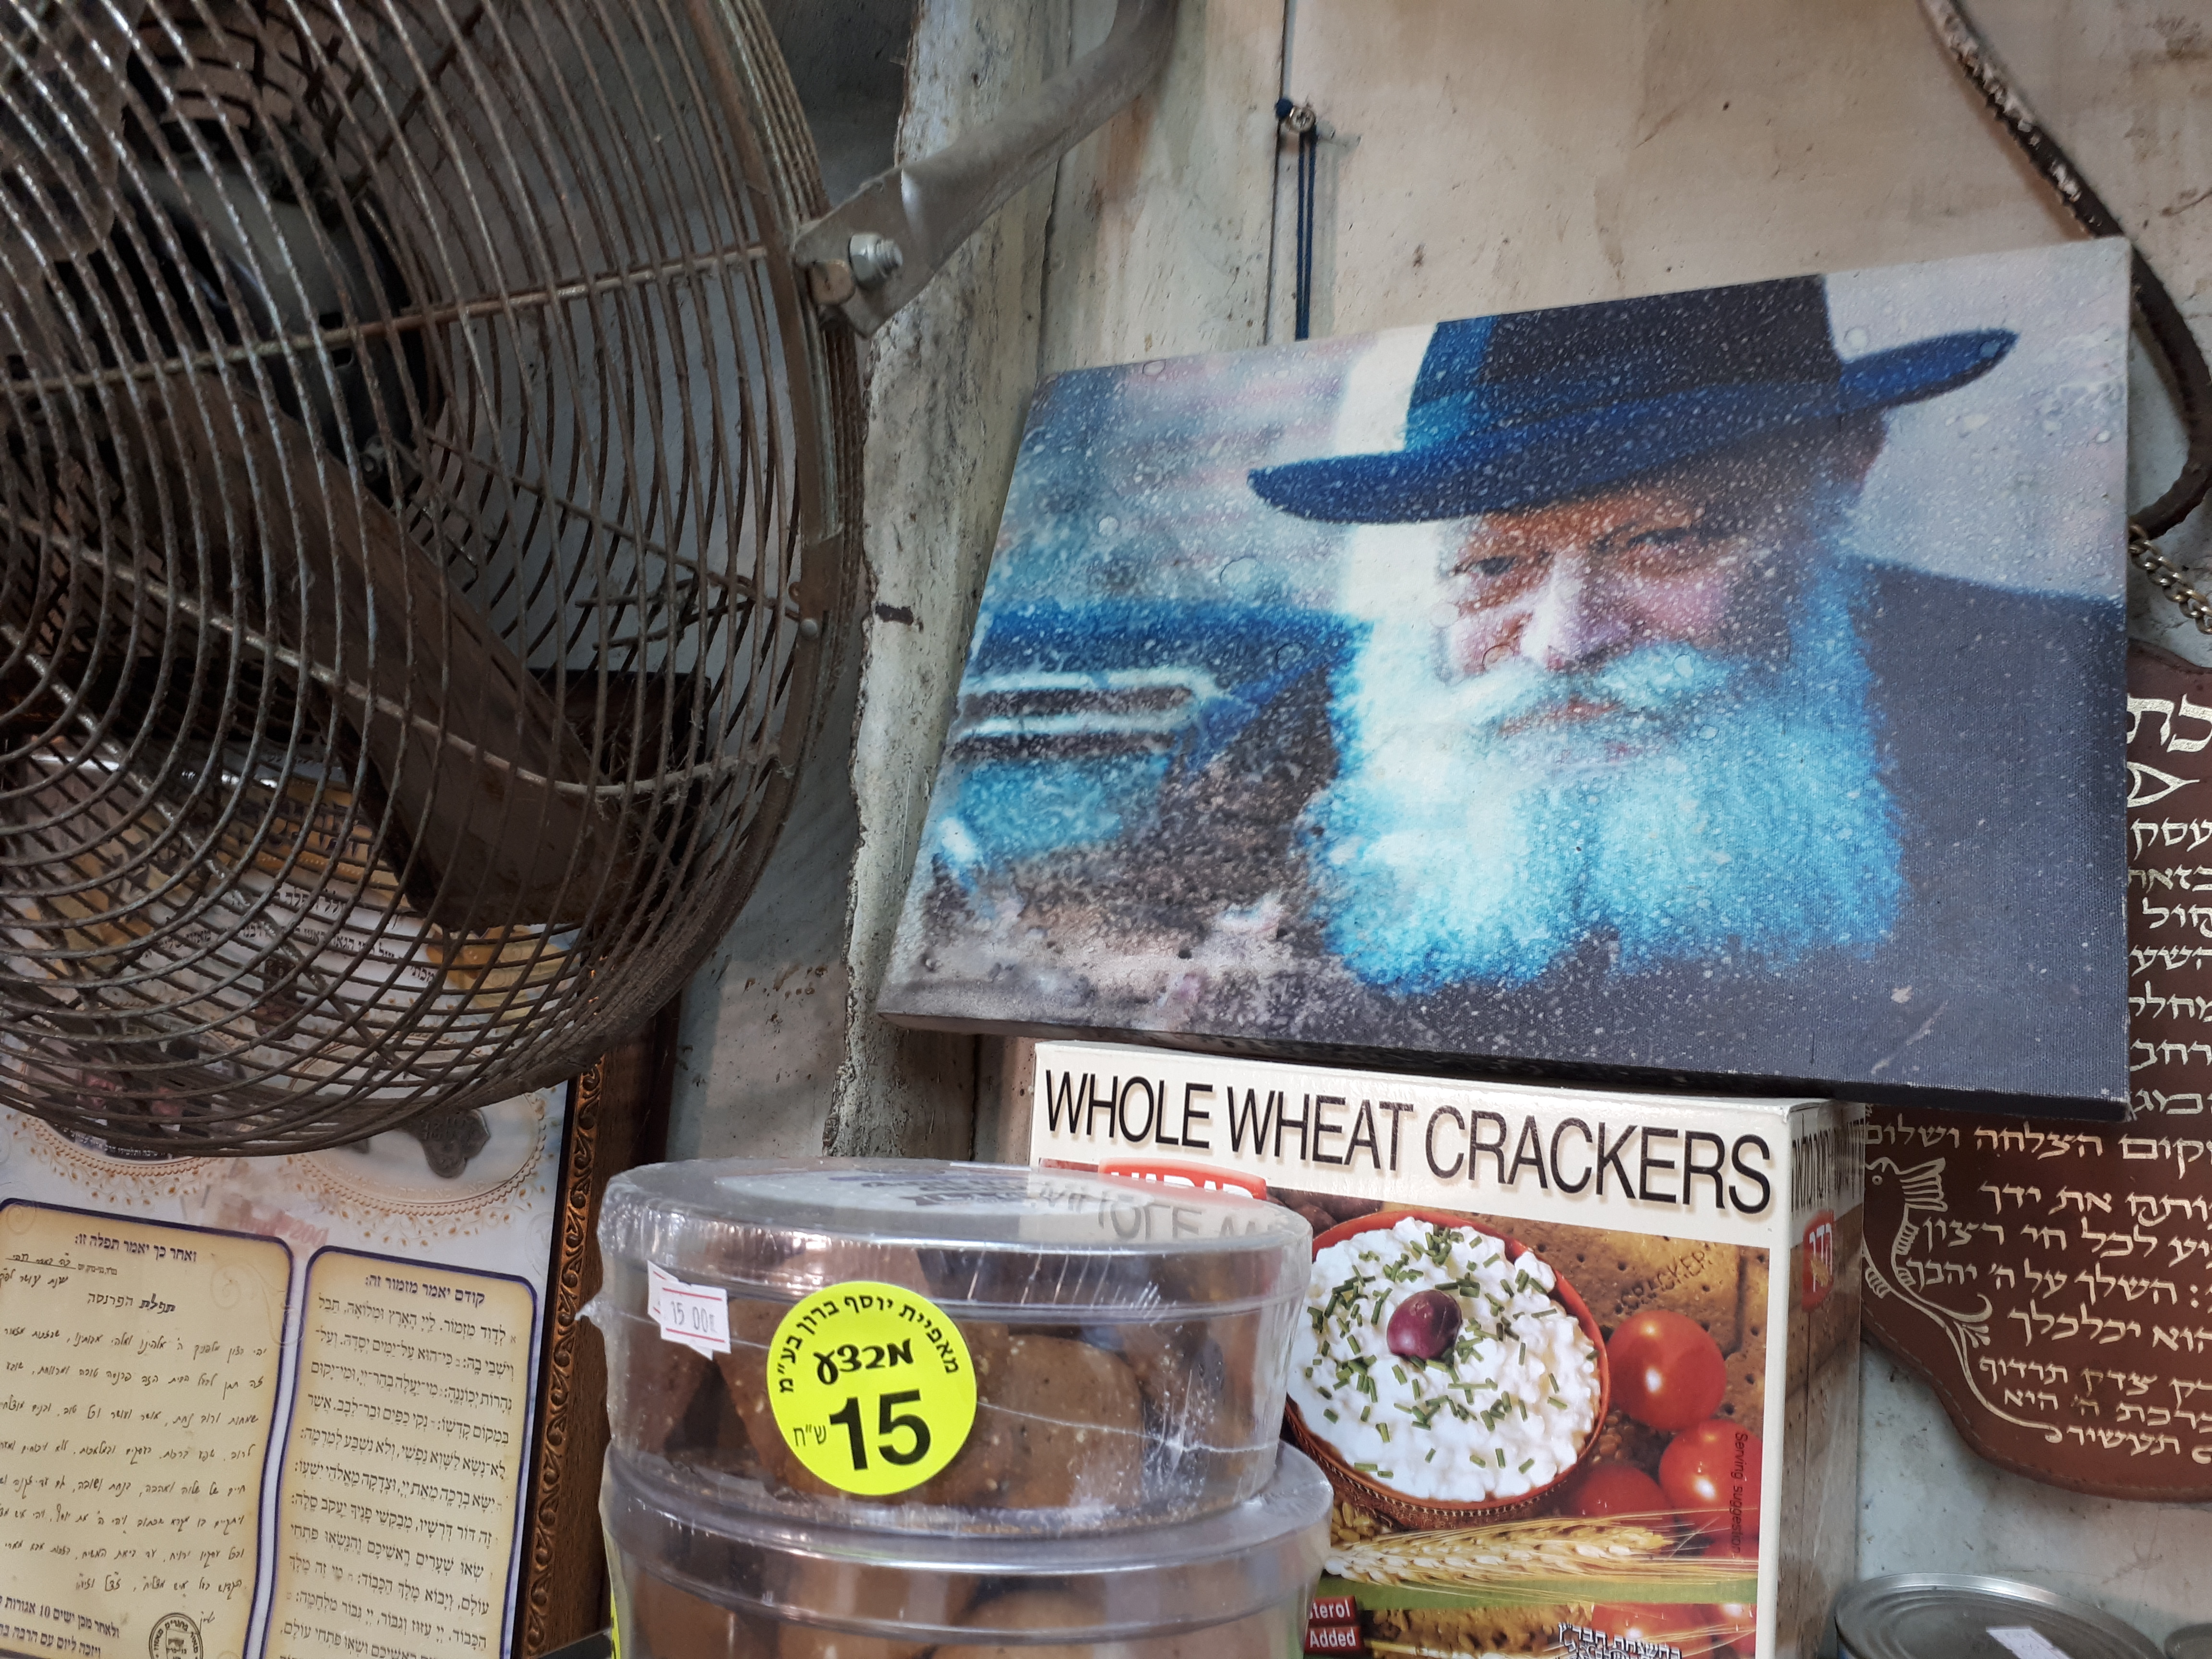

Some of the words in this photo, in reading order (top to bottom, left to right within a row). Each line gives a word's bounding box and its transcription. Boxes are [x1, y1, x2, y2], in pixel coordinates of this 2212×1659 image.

[1865, 1113, 1960, 1148] ושלום
[1974, 1121, 2103, 1160] הצלחה
[1046, 1070, 1213, 1149] WHOLE
[1227, 1086, 1413, 1170] WHEAT
[1425, 1105, 1771, 1214] CRACKERS
[1977, 1181, 2041, 1214] ידך
[2048, 1186, 2112, 1215] את
[75, 1233, 86, 1245] זו:
[90, 1232, 120, 1250] תפלה
[1923, 1216, 2004, 1252] רצון
[2020, 1225, 2067, 1251] חי
[2081, 1216, 2157, 1258] לכל
[124, 1240, 149, 1254] יאמר
[154, 1245, 166, 1260] כך
[170, 1248, 196, 1262] ואחר
[365, 1274, 381, 1286] זה:
[1906, 1257, 1977, 1292] יהבך
[2024, 1258, 2067, 1299] על
[2074, 1261, 2177, 1306] השלך
[385, 1277, 418, 1294] מזמור
[422, 1284, 450, 1298] יאמר
[87, 1293, 133, 1308] הפרנסה
[139, 1293, 176, 1314] תפלת
[455, 1289, 484, 1308] קודם
[844, 1295, 893, 1313] יוסף
[796, 1300, 840, 1335] ברון
[2008, 1298, 2141, 1346] יכלכלך
[899, 1304, 959, 1373] מאפיית
[814, 1338, 914, 1385] מבצע
[1979, 1356, 2068, 1384] תרדוף
[2081, 1368, 2157, 1396] צדק
[2005, 1388, 2058, 1410] היא
[829, 1389, 931, 1471] 15
[2067, 1425, 2180, 1456] תעשיר
[1731, 1433, 1748, 1479] Serving
[1729, 1486, 1743, 1553] suggestion
[4, 1597, 36, 1614] אגורות
[40, 1605, 50, 1618] 10
[53, 1608, 74, 1624] ישים
[78, 1615, 92, 1630] מכן
[95, 1620, 119, 1638] ולאחר
[12, 1626, 38, 1643] הרבה
[40, 1633, 54, 1647] עם
[57, 1635, 76, 1652] ליום
[1310, 1626, 1356, 1647] Added
[79, 1642, 100, 1656] ויזכה

------------

Copy out each line of the data that includes the string "יאמר".

SOLUTION TO THIS PROBLEM.
[124, 1240, 149, 1254] יאמר
[422, 1284, 450, 1298] יאמר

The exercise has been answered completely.